The theme of this year’s report: “The Promise of Freedom,” commemorating the 150th anniversary of the Emancipation Proclamation in the United States. The report was presented by Secretary of State Hillary Clinton.
“The end of legal slavery in the United States and in other countries around the world has not, unfortunately, meant the end of slavery,” Clinton said. “Today it is estimated as many as 27 million people around the world are victims of modern slavery.”
Clinton noted how far the world has come since the days when slavery was legal, but noted how far we have to go. She did not shy away from using the “S” word during her remarks at the State Department in Washington.
“Labeling this for what it is, slavery, has brought it to another dimension.” she said. “There is no mistaking what it means, what it does.”
The State Department’s top anti-trafficking official says the report shows there’s been progress.

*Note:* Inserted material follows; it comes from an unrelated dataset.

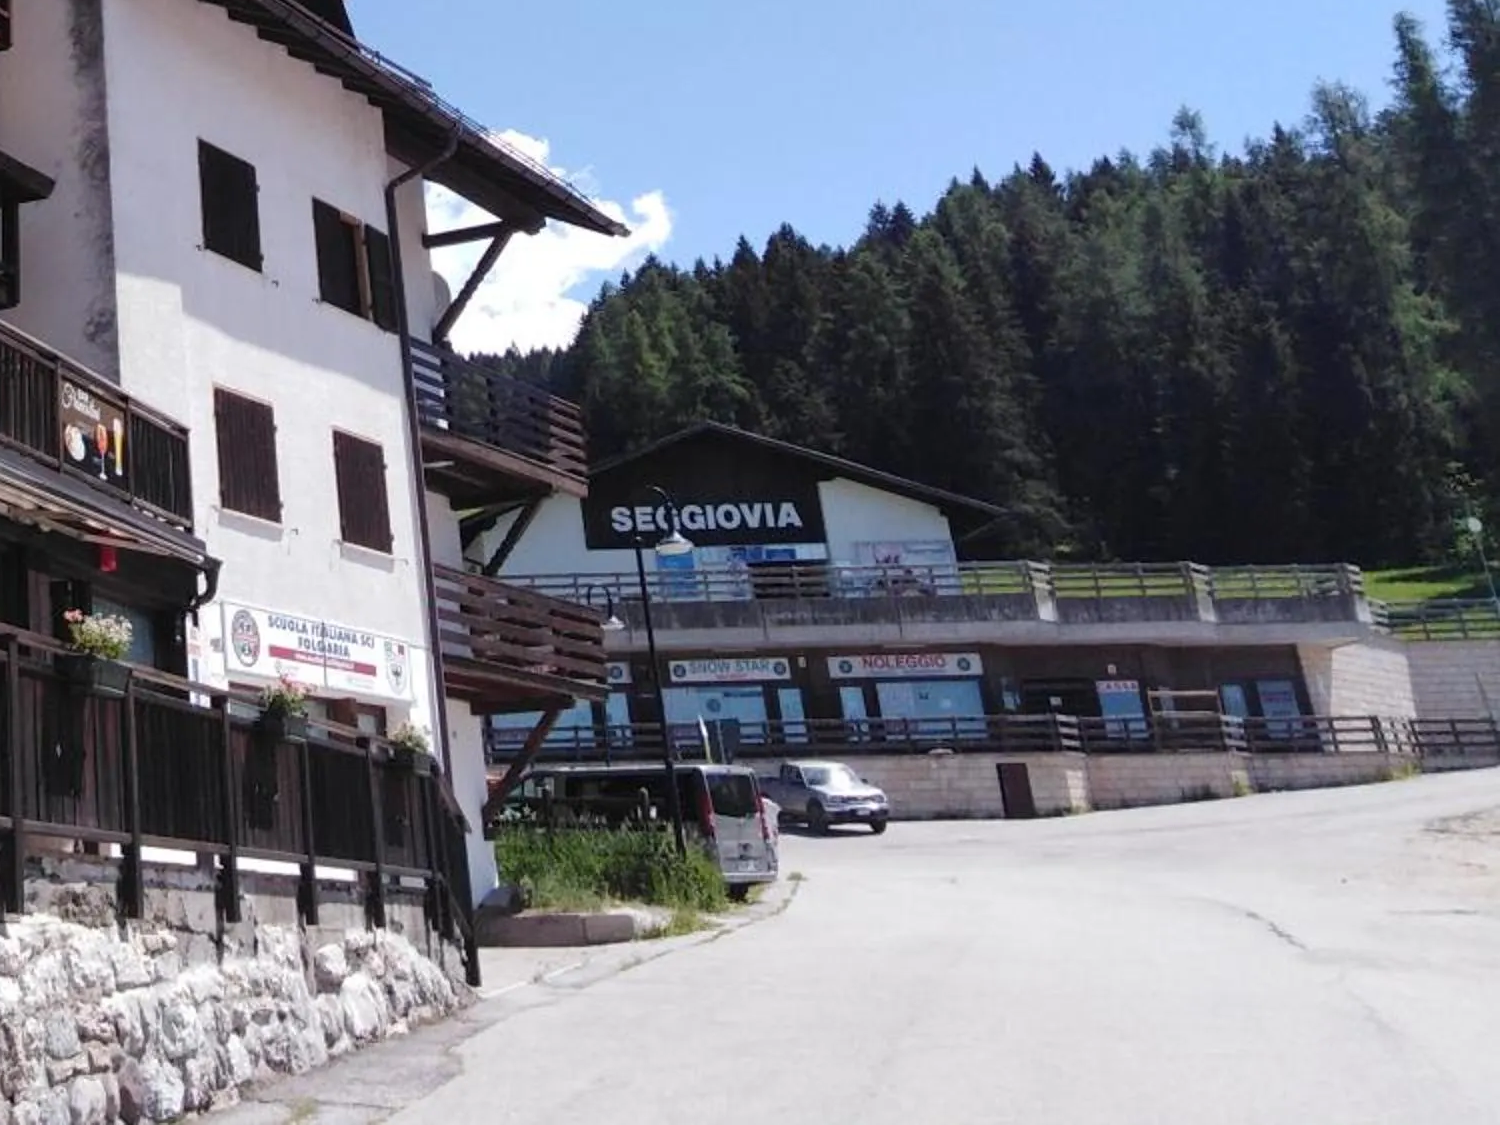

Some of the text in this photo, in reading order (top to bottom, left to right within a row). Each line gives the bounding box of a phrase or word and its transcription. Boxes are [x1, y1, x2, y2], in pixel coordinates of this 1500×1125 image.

“As long as the Trafficking in Persons Report is needed,” said Ambassador Luis CdeBaca, “we will find in its pages account after account of traffickers peddling false hope. But that’s not all that we find in the pages of this report. Because every year that passes those false hopes are overtaken more and more by real hope. The real hope that the modern abolitionist movement provides.”
The TIP Report not only identifies the extent of slavery in 186 countries and territories, it rates the efforts of individual nations to confront this human rights abuse. This year 30 countries have been doing a better job and received better ratings, according to State Department analysts. They said 15 countries have slipped in their efforts and were downgraded.

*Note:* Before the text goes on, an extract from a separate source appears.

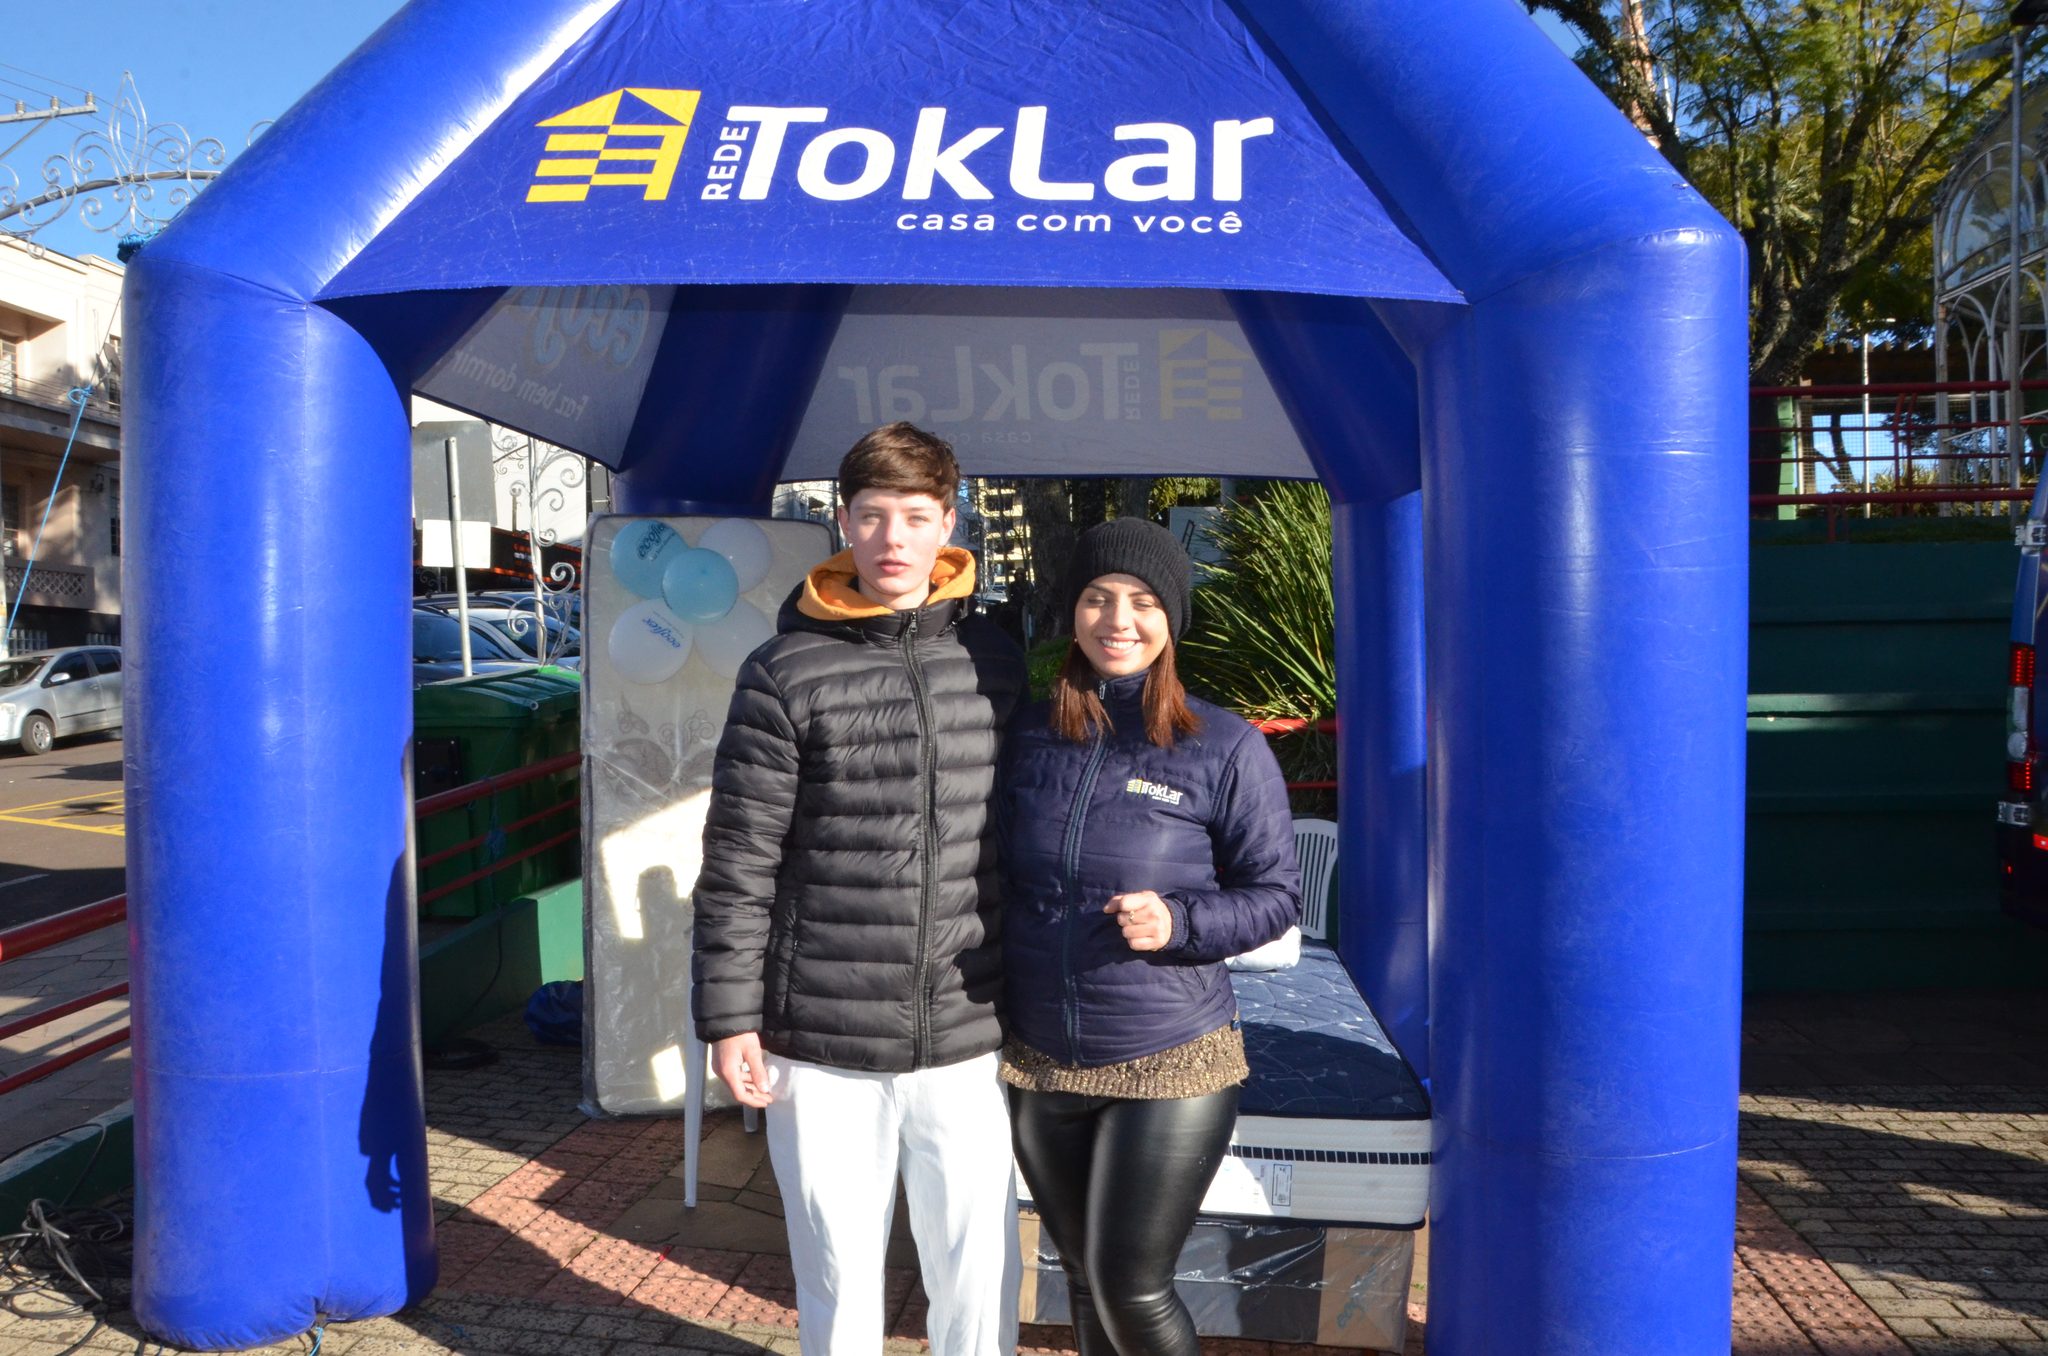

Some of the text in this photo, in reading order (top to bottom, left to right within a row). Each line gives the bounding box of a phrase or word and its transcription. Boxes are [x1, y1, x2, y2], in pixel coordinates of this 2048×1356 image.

“An important contribution of the TIP Report is its balance,” Bales notes. “It shines a light on the problem of forced labor slavery as well as sex trafficking. It’s vital to fight modern slavery in all its forms, because everyone in slavery today deserves to live in freedom.”
A report does not end slavery, but the TIP Report is viewed by activists as an important tool.
“Excuse the pun here, but the TIP report is the tip of an iceberg,” Bales says. No single report, or national government, can end global slavery on its own. But the TIP Report serves as call to action for our president and Congress, as well as for other world leaders, to continue to mobilize resources and political willpower to make the eradication of slavery a worldwide priority.”